◆ **ACTIVITY**: All records below are to be set down precisely as written, excluding pictures.
Segment Start: STUDY MATERIAL
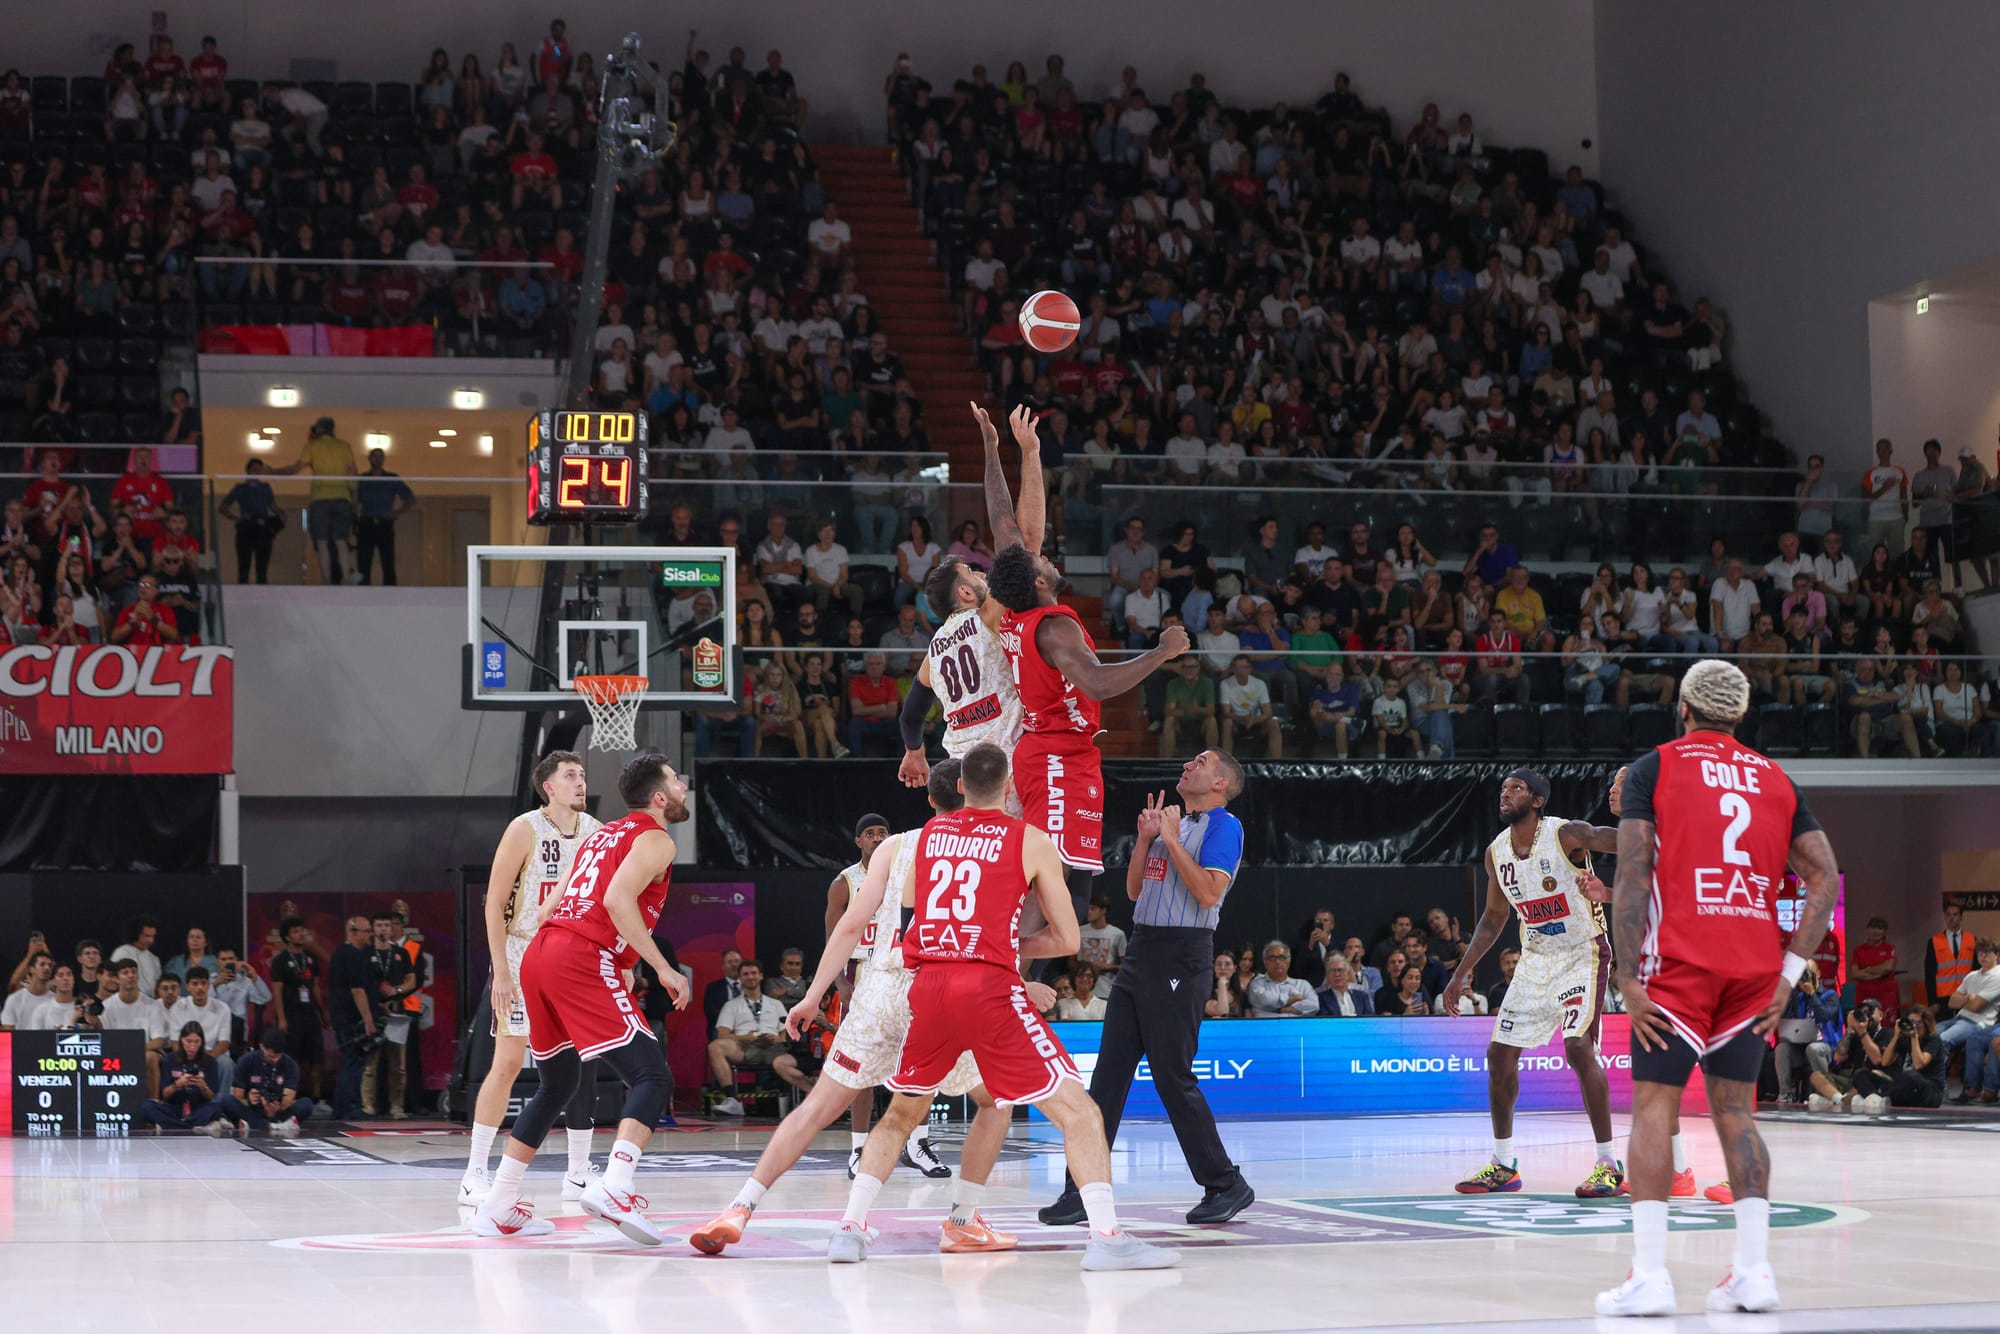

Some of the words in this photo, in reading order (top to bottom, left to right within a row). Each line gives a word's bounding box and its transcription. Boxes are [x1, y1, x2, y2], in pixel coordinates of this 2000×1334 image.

[564, 446, 590, 455] LOTUS
[599, 446, 625, 455] LOTUS
[560, 458, 629, 508] 24
[0, 644, 233, 697] CIOLT
[697, 657, 718, 666] LBA
[485, 671, 505, 679] FIP
[940, 644, 981, 703] 00
[55, 725, 165, 755] MILANO
[1733, 750, 1772, 770] AON
[1701, 760, 1761, 794] COLE
[971, 823, 1008, 837] AON
[1719, 792, 1752, 867] 2
[542, 840, 560, 863] 33
[925, 832, 1003, 863] GUDURIĆ
[564, 849, 607, 898] 25
[1500, 862, 1519, 886] 22
[925, 859, 982, 922] 23
[1694, 867, 1770, 908] EA7
[919, 924, 982, 954] EA7
[56, 1045, 101, 1055] LOTUS
[38, 1058, 77, 1071] 10:00
[81, 1060, 95, 1070] Q1
[102, 1058, 120, 1071] 24
[1134, 1059, 1253, 1080] GELY
[1351, 1060, 1367, 1073] IL
[1371, 1058, 1444, 1073] MONDO
[1447, 1054, 1461, 1072] È
[1464, 1057, 1481, 1071] IL
[19, 1075, 72, 1086] VENEZIA
[88, 1075, 138, 1086] MILANO
[39, 1091, 52, 1108] 0
[107, 1091, 120, 1108] 0
[27, 1113, 39, 1121] TO
[95, 1113, 107, 1121] TO
[28, 1123, 51, 1131] FALLI
[96, 1123, 118, 1131] FALLI
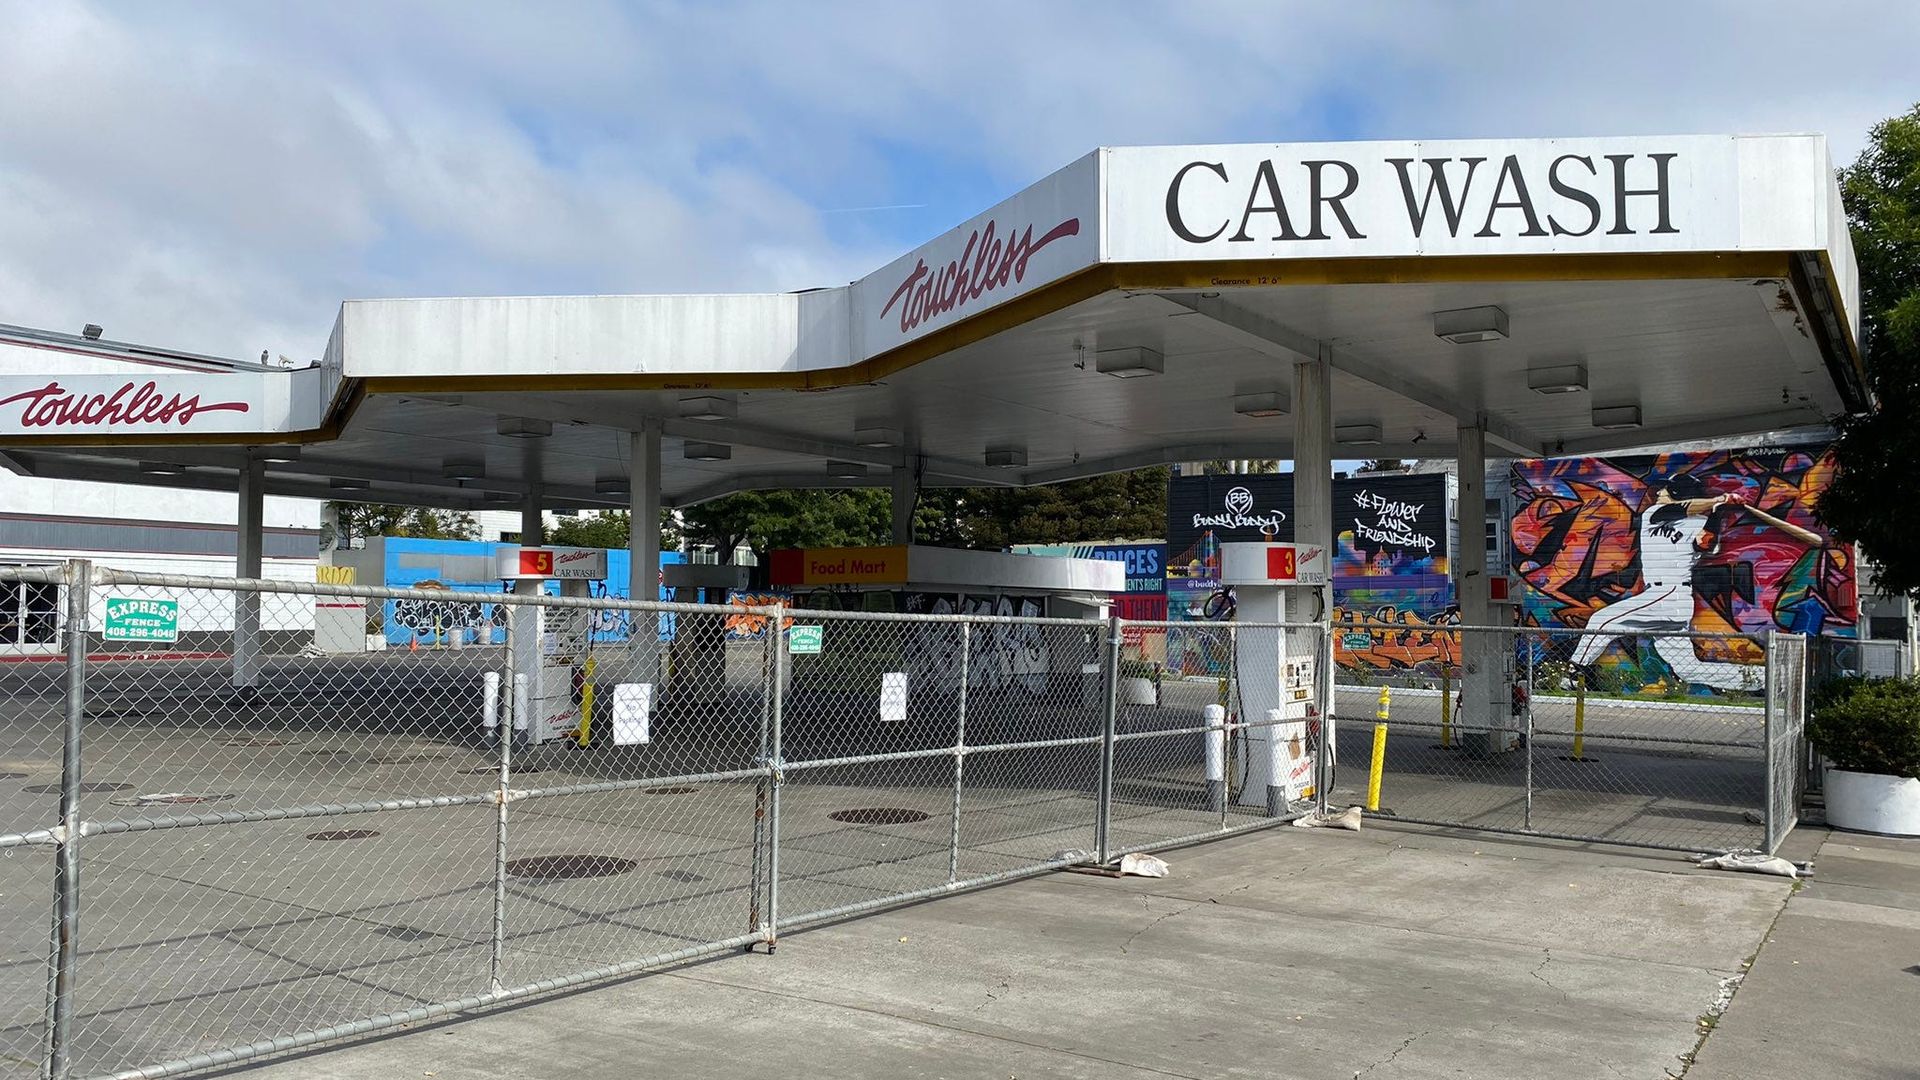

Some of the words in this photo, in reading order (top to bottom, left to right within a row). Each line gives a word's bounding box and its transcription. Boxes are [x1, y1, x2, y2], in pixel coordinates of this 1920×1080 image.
Segment End: STUDY MATERIAL
◆ **RESULT OF THE EXERCISE**:
Some of the words in this photo, in reading order (top to bottom, left to right within a row). Each line gives a word's bounding box and its transcription. Boxes are [x1, y1, x2, y2], in pixel coordinates of this 2000×1334 image.

[564, 446, 590, 455] LOTUS
[599, 446, 625, 455] LOTUS
[560, 458, 629, 508] 24
[0, 644, 233, 697] CIOLT
[697, 657, 718, 666] LBA
[485, 671, 505, 679] FIP
[940, 644, 981, 703] 00
[55, 725, 165, 755] MILANO
[1733, 750, 1772, 770] AON
[1701, 760, 1761, 794] COLE
[971, 823, 1008, 837] AON
[1719, 792, 1752, 867] 2
[542, 840, 560, 863] 33
[925, 832, 1003, 863] GUDURIĆ
[564, 849, 607, 898] 25
[1500, 862, 1519, 886] 22
[925, 859, 982, 922] 23
[1694, 867, 1770, 908] EA7
[919, 924, 982, 954] EA7
[56, 1045, 101, 1055] LOTUS
[38, 1058, 77, 1071] 10:00
[81, 1060, 95, 1070] Q1
[102, 1058, 120, 1071] 24
[1134, 1059, 1253, 1080] GELY
[1351, 1060, 1367, 1073] IL
[1371, 1058, 1444, 1073] MONDO
[1447, 1054, 1461, 1072] È
[1464, 1057, 1481, 1071] IL
[19, 1075, 72, 1086] VENEZIA
[88, 1075, 138, 1086] MILANO
[39, 1091, 52, 1108] 0
[107, 1091, 120, 1108] 0
[27, 1113, 39, 1121] TO
[95, 1113, 107, 1121] TO
[28, 1123, 51, 1131] FALLI
[96, 1123, 118, 1131] FALLI

Some of the words in this photo, in reading order (top to bottom, left to right within a row). Each line gives a word's bounding box and its transcription. Boxes are [x1, y1, x2, y2], in pixel coordinates of this 1920×1080 image.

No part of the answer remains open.